2010 Apple tablet computer [iPad]

The first-generation iPad (/ˈaɪpæd/; EYE-pad; retrospectively referred to unofficially as the iPad 1 or original iPad) is a tablet computer designed and marketed by Apple as the first device in the iPad lineup of tablet computers. It features an Apple A4 SoC, a 9.7 in touchscreen display, and, on certain variants, the capability of accessing cellular networks. Using the iOS operating system, the iPad can play music, send and receive emails and browse the web. Other functions, which include the ability to play games and access references, GPS navigation software and social network services, can be enabled by downloading apps.

The device was announced and unveiled on January 27, 2010 by Apple CEO Steve Jobs at an Apple press event. On April 3, 2010, the Wi-Fi variant of the device was released in the United States, followed by the release of the "Wi-Fi + 3G" variant on April 30. On May 28, 2010, it was released in Australia, Canada, France, Japan, Italy, Germany, Spain, Switzerland and the United Kingdom.
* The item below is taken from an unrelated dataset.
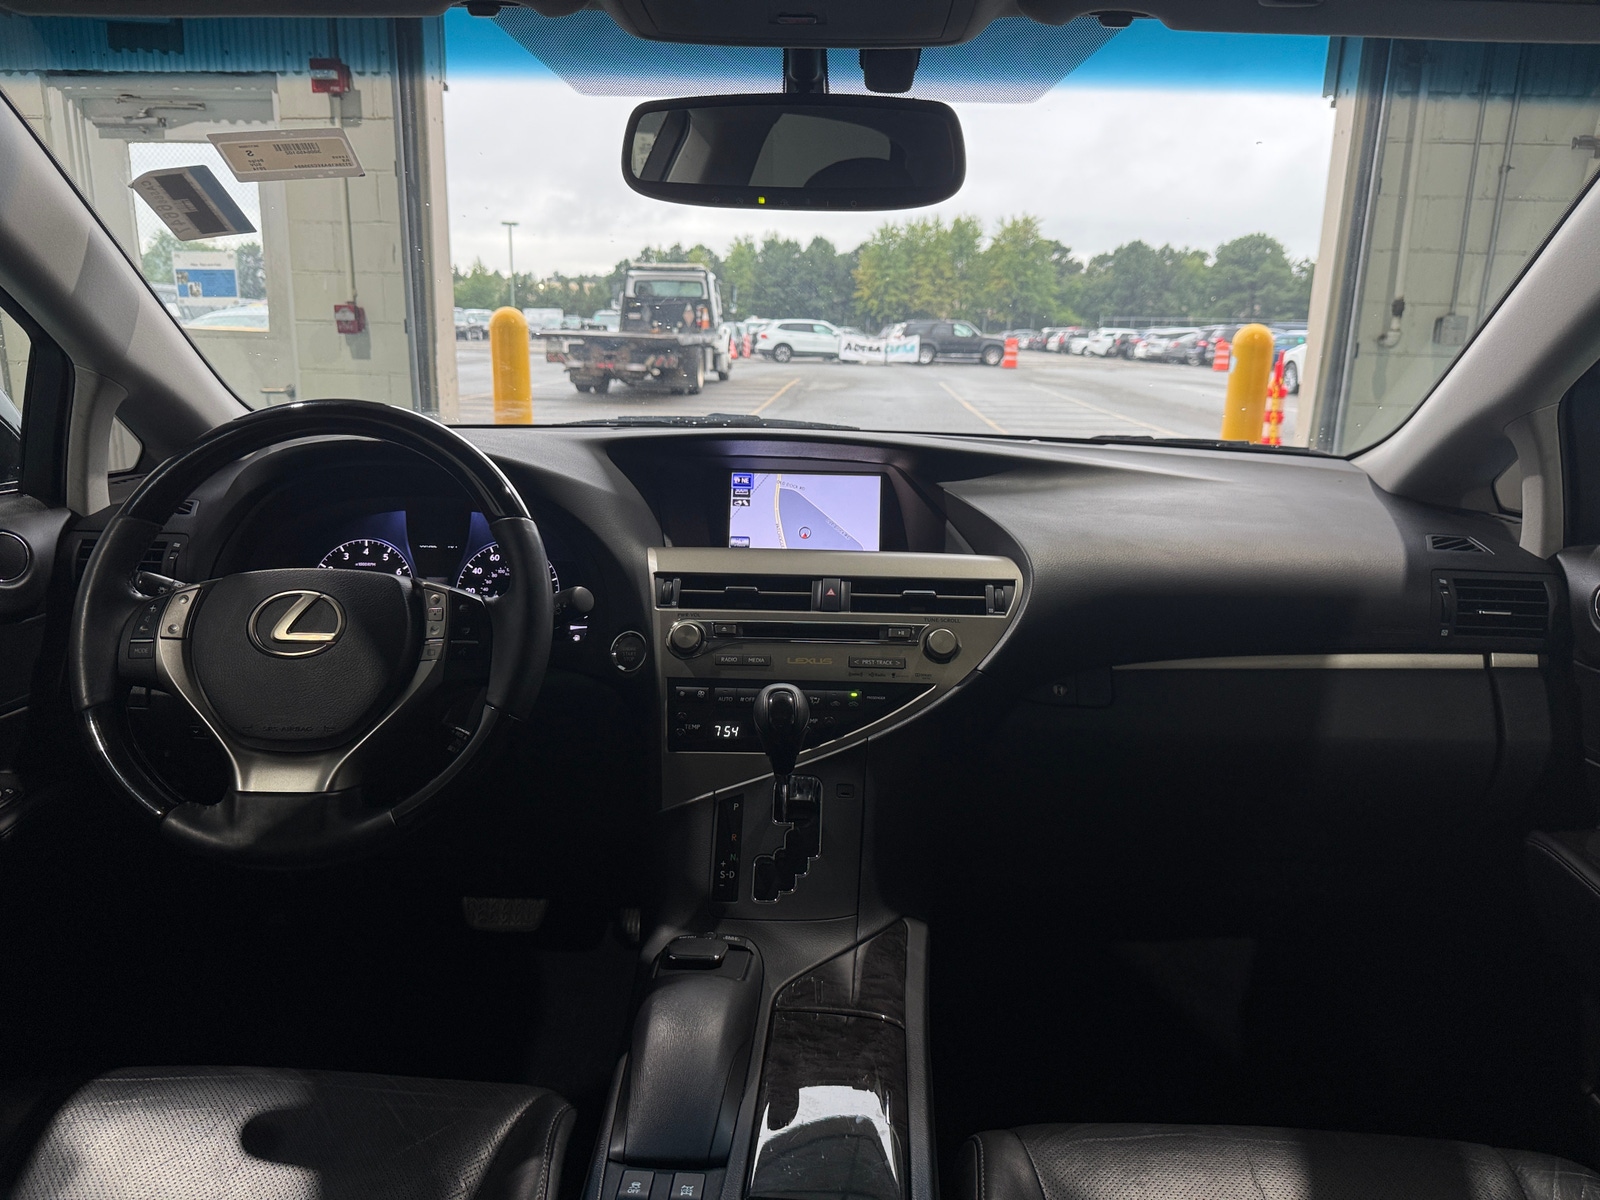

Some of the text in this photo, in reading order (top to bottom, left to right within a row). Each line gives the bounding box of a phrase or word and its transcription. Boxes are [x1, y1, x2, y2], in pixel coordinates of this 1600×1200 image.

The device received positive reviews from various technology blogs and publications. Reviewers praised the device for its wide range of capabilities and labeled it as a competitor to laptops and netbooks. Some aspects were criticized, including the closed nature of the operating system and the lack of support for the Adobe Flash multimedia format. During the first 80 days, 3 million iPads were sold. By the launch of the iPad 2, Apple had sold more than 15 million iPads.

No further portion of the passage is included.